The first press-forming apparatus 11 enables press forming of the forming material 16 made of, for example, a steel sheet having a sheet thickness of 2.3 mm or more or a high-tensile steel sheet having a tensile strength of 440 MPa or more without increasing a pad load considerably. In addition, the first press-forming apparatus 11 can provide the intermediate product having reduced cracking in the edges of the ridge flanges 7a, 7b and reduced wrinkling near the base of the ridge flanges 7a, 7b. Consequently, this leads to providing the structure member 1 of a superior rigidity and load transfer property as a final press formed product.

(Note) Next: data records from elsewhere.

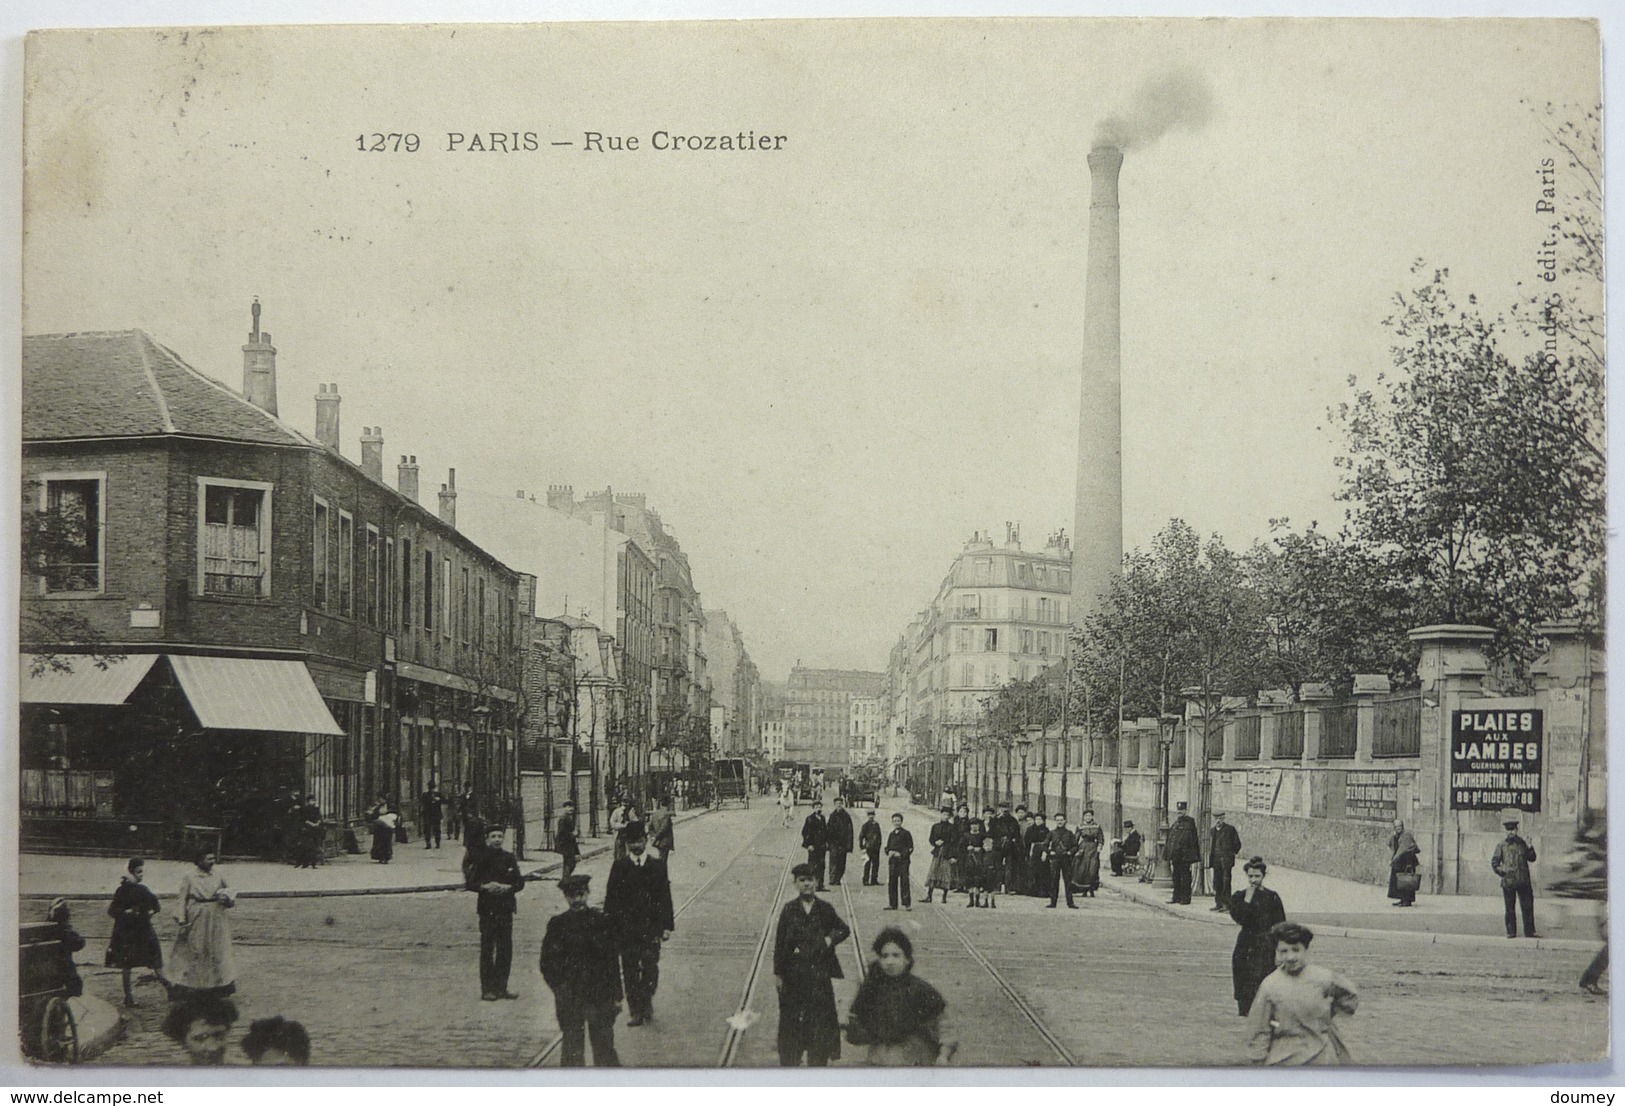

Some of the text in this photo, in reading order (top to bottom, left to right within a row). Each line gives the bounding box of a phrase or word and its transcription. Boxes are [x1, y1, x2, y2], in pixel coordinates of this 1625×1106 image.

[1460, 713, 1532, 731] PLAIES
[1485, 733, 1508, 741] AUX
[1454, 742, 1537, 760] JAMBES
[1509, 762, 1523, 770] PAR
[1482, 791, 1517, 804] DIDEROT

According to the embodiment, the ridge pad 15 is suspended from the die 14 via a coil spring, a gas cylinder, or the like. By moving the die 14 toward the punch 13, the ridge pad 15 first presses the forming material 16. The ridge pad 15 subsequently restrains the portions to be formed into the ridges 3a, 3b in the vicinity of the portion to be formed into the outward continuous flange 7 while leaving at least a part of the portion to be formed into the gutter bottom 2 unrestrained. The die 14 subsequently presses the forming material 16. Incidentally, the ridge pad 15 and the die 14 may be configured to be able to move independently toward the punch 13.

In the description above, the ridge pad 15 have had a configuration in which the restraining parts 15-1, 15-2 that are cut apart along the longitudinal direction are connected by the flange forming part 15-3. However, the structure of the ridge pad is not limited to this configuration. For example, the ridge pad may be a ridge pad 21, as illustrated in FIG. 11, which has two restraining parts 21-1, 21-2 by providing a recess 21-3. The recess 21-3 is disposed in the surface facing the punch 13, and corresponds to an unrestrained part of the portion to be formed into the gutter bottom 2. The ridge pad 21 illustrated in FIG. 11 may have a flange forming part (not shown) or may omit the flange forming part.

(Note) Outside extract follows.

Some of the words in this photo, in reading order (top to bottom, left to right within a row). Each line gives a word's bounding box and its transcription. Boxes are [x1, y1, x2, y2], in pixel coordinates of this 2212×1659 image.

Incidentally, the ridge pads 15, 21 leave regions in which the die 14 does not press the forming material 16 against the punch 13. For example, the die 14 does not press a vertical wall and the flanges that are overlapped by the ridge pad 15, 21 in the pressing direction. When employing a die 14 that does not have a press surface corresponding to the portion to be formed into the gutter bottom 2, the gutter bottom 2 includes a region unpressed by the first press-forming apparatus 11. Such region is pressed in a second step. A press-forming apparatus to be used in the second step can be configured using a press-forming apparatus known in the art, and further description thereon is omitted.

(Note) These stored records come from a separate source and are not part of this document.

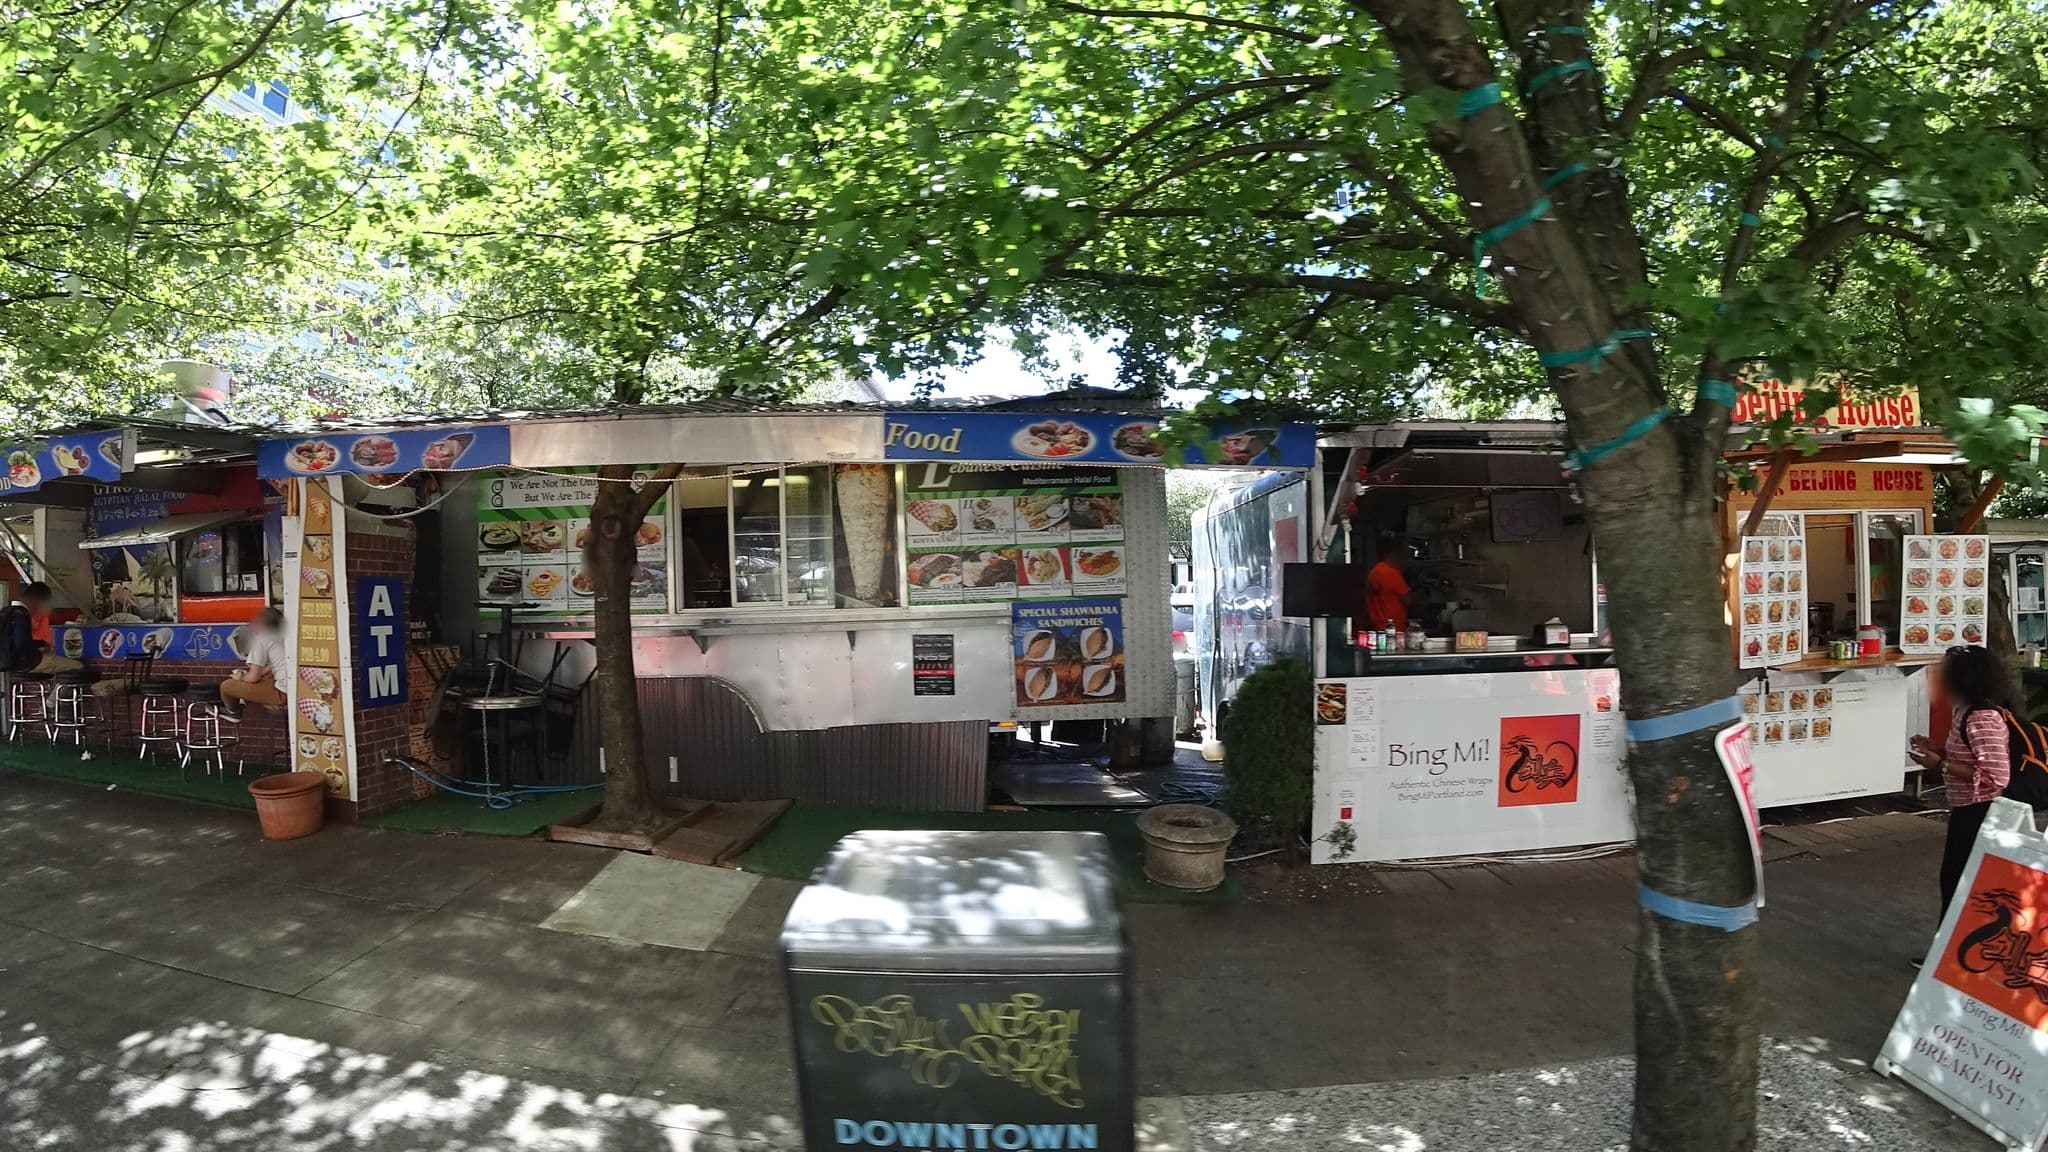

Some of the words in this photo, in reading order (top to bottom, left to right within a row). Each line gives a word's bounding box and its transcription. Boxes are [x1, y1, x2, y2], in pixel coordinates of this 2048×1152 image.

[884, 422, 963, 453] Food
[510, 480, 524, 490] We
[526, 479, 539, 489] Are
[542, 479, 558, 489] Not
[561, 477, 578, 487] The
[1093, 474, 1111, 483] Food
[1789, 469, 1857, 491] BEIJING
[1873, 470, 1924, 492] HOUSE
[525, 493, 539, 503] But
[541, 492, 554, 501] We
[557, 491, 572, 501] Are
[575, 490, 592, 500] The
[569, 521, 576, 530] 5
[1073, 549, 1087, 560] 16
[1018, 608, 1058, 618] SPECIAL
[1059, 606, 1119, 617] SHAWARMA
[1037, 617, 1105, 628] SANDWICHES
[367, 584, 400, 699] ATM
[1387, 742, 1449, 776] Bing
[1453, 739, 1490, 763] Mi!
[1388, 777, 1431, 790] Authentic
[1433, 776, 1467, 788] Chinese
[1467, 777, 1494, 788] Wraps
[1962, 999, 1999, 1031] Bing
[1999, 1017, 2026, 1040] Mi!
[1933, 1024, 1985, 1059] OPEN
[1983, 1052, 2024, 1084] FOR
[1913, 1037, 2026, 1111] BREAKFAST!
[833, 1118, 1098, 1149] DOWNTOWN
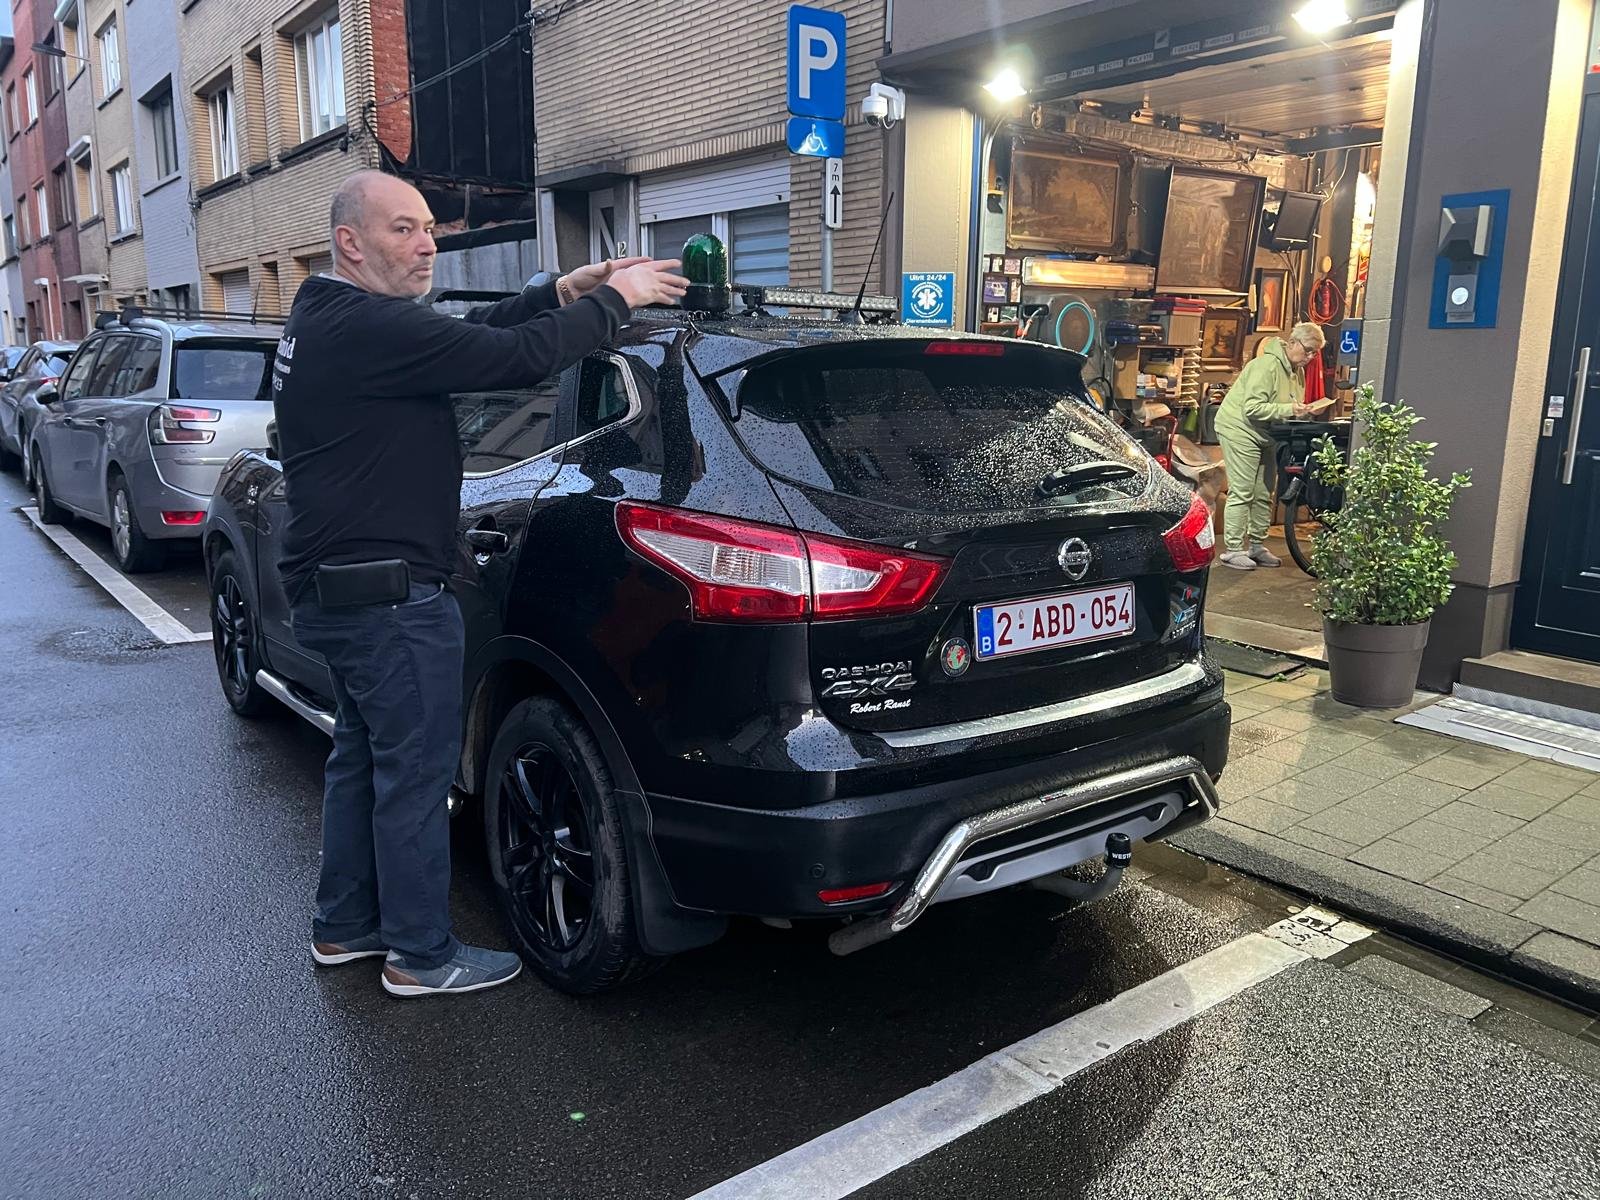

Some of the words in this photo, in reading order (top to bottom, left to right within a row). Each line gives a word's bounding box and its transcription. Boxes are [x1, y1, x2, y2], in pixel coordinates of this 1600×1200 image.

[799, 24, 838, 99] P
[833, 163, 838, 172] 7
[831, 174, 840, 182] m
[997, 592, 1130, 646] 2-ABD-054
[982, 636, 992, 652] B
[850, 701, 882, 714] Robert
[883, 698, 912, 710] Ranst

(2-3. Manufacturing Method)

Now, a method for manufacturing a structural member for an automotive body according to the present embodiment will be explained specifically. The manufacturing method for a structural member for an automotive body according to the present embodiment is an example of the method for manufacturing the structural member 1 having the outward continuous flange 7 as illustrated in FIG. 1 by way of example.

(2-3-1. First Step)

FIG. 12 and FIG. 13 are schematic views illustrating a first step carried out by using the first press-forming apparatus 11. FIG. 12 is a sectional view schematically illustrating a state in which the ridge pad 15 restrains the forming material 16. FIG. 13 is a sectional view illustrating a state in which the die 14 presses the forming material 16. FIG. 12 and FIG. 13 illustrate a state in which the longitudinal end region of the forming material 16, in which an outward continuous flange 7 is formed, is pressed in the first step. In addition, the first press-forming apparatus 11 in which the ridge pad 15 is suspended from the die 14 is used in the manufacturing method described below.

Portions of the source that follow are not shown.